Él estaba golpeado, ensangrentado y por sobre todo, furioso.

Yo me encontraba de pie al lado de mi madre, la Reina. llevaba un vestido rojo, zapatos negros, el cabello suelto y joyas adornaban mi noble presencia.

Yo era una Princesa, la hija del Rey más poderoso de los cinco Reinos.

Él era una bestia a punto de atacar, un guerrero sin remedio, entrenado para morir en batalla y asignado a una tarea: proteger el reino. Proteger a mis padres, protegerme a mí.

Sus ojos profundos se clavaron en mí, su rostro furioso y sus ganas de hacer trizas a cualquier persona que lo toque me lo transmitió con solo una mirada. Observó hacia a los lados, donde dos guardias, lo sostenían de los brazos, impidiendo así que callera al suelo—o eso quería hacernos creer—, de un momento a otro su mirada cambió y una ligera sonrisa apareció en sus labios, aquel hombre dio vuelta la situación en el instante que con suma rapidez se soltó del agarre de los guardias y tomó por el cuello a mi madre.
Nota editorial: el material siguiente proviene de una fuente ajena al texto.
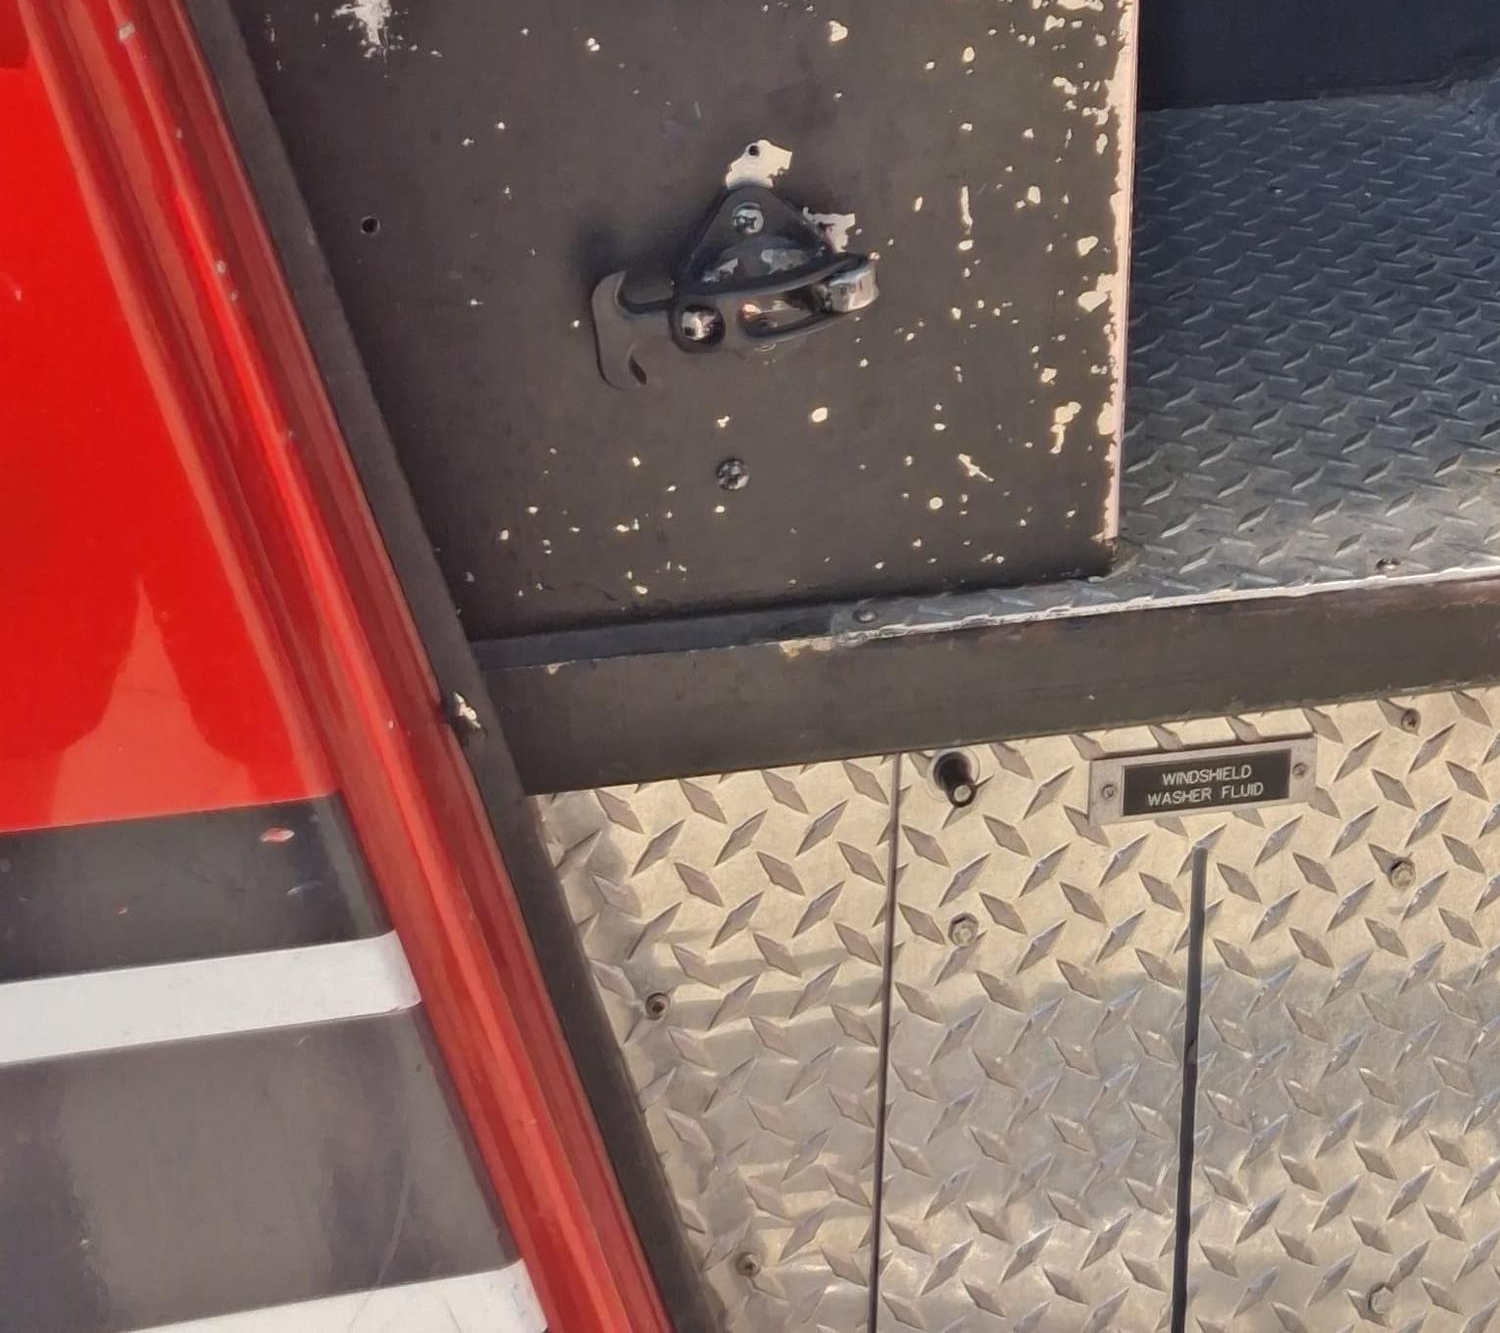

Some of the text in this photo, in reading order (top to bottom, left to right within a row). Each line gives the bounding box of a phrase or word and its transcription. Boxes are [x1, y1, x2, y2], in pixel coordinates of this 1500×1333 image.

[1162, 764, 1252, 787] WINDSHIELD
[1147, 782, 1264, 807] WASHER FLUID
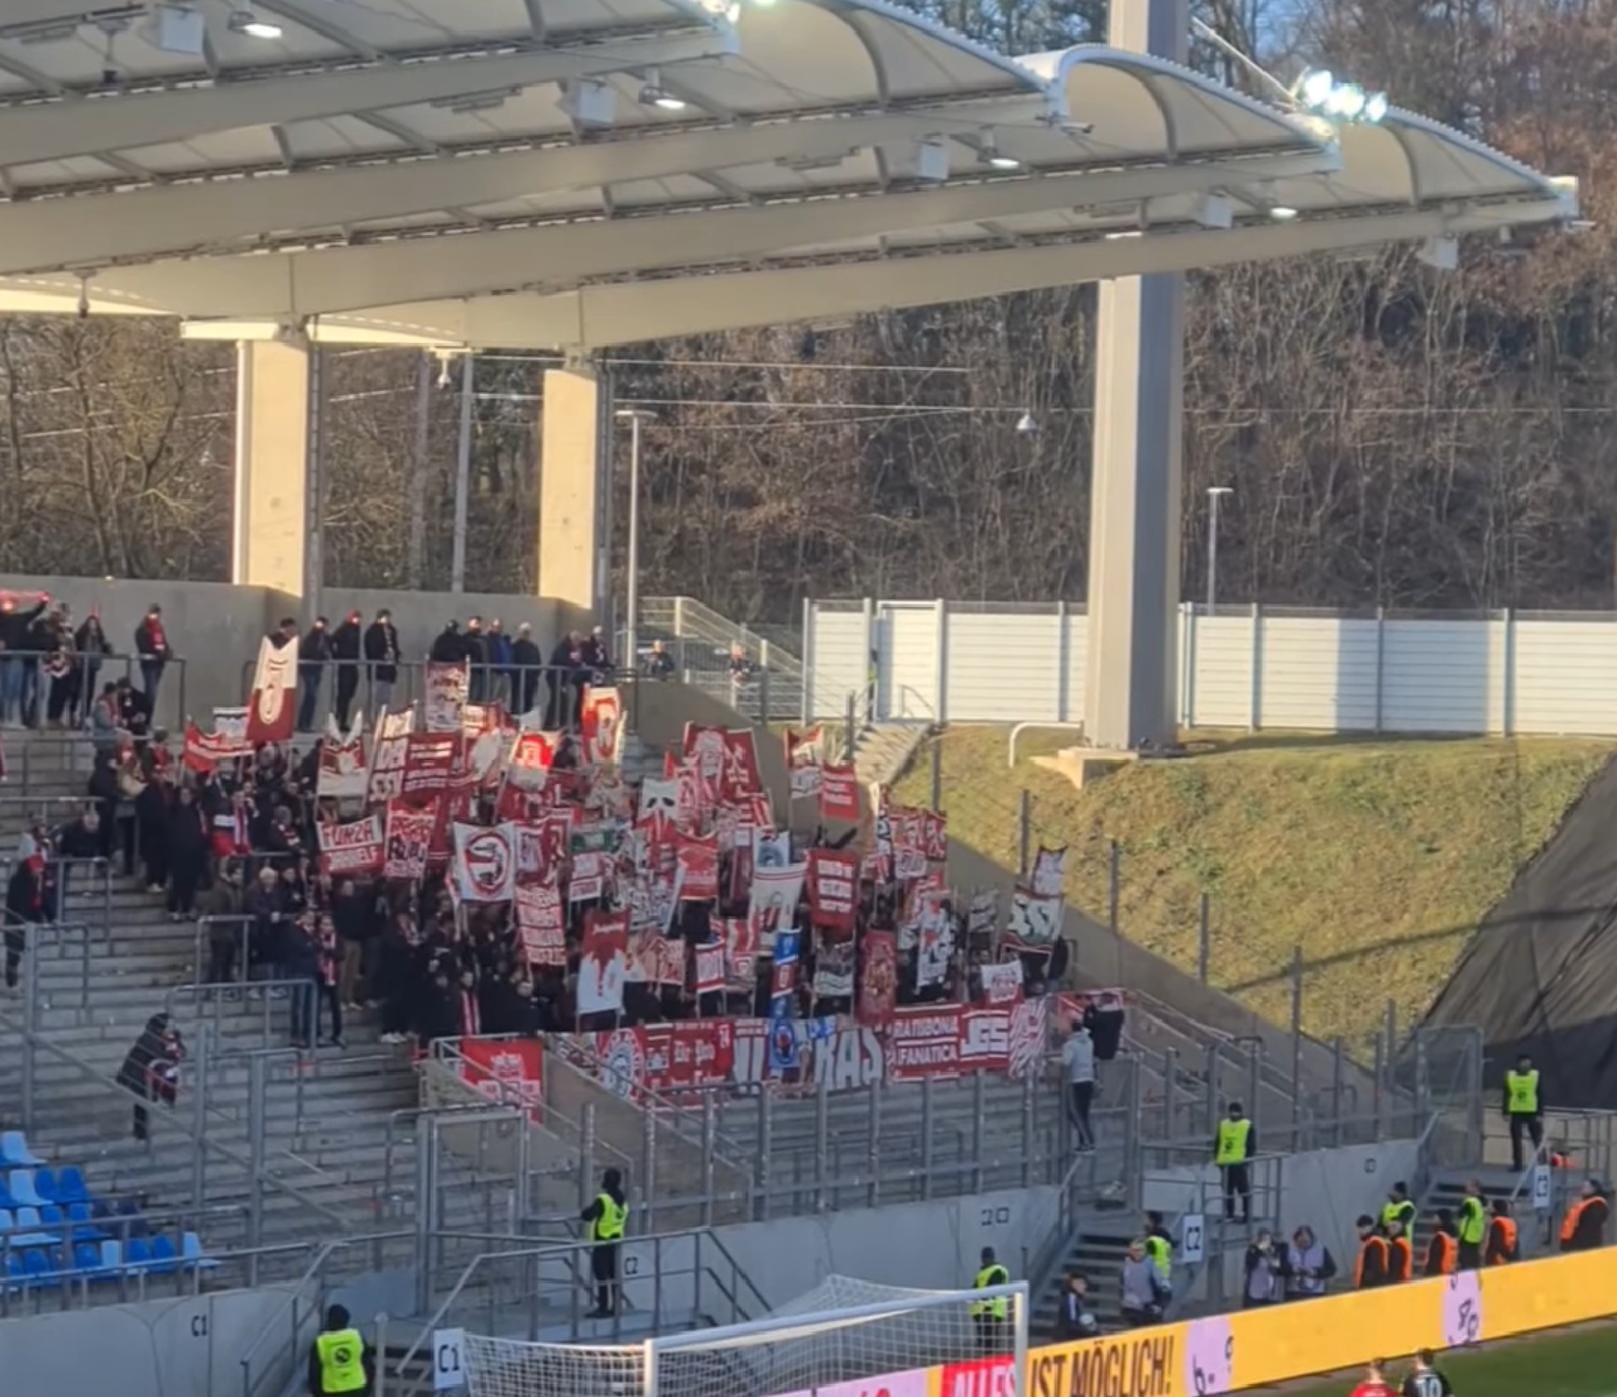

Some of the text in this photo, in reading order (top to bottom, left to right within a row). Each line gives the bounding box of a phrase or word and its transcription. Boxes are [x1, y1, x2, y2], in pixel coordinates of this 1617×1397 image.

[1186, 1226, 1201, 1251] C2
[191, 1315, 208, 1337] C1
[438, 1344, 460, 1373] C1
[1030, 1354, 1068, 1397] IST
[1071, 1335, 1175, 1397] MÖGLICH!
—¿Qué tenemos aquí? —aquel hombre hizo sonar su voz ronca y divertida. Mi madre soltó un pequeño quejido en el instante que aquella mano, la cual rodeaba su cuello, apretó aun más. Mi padre se desesperó y en el momento que dio la orden varios guardias nos rodearon.

Los párpados de mi madre le pesaban, sus ojos se cerraban y no lo dudé, tenía que actuar de inmediato; sabía que estaba cometiendo una locura, algo que estaba prohibido para una princesa como yo. Las princesas no tenían permitido empuñar una espada, aún así, lo hice. Como todas las cosas que no me permitían hacer.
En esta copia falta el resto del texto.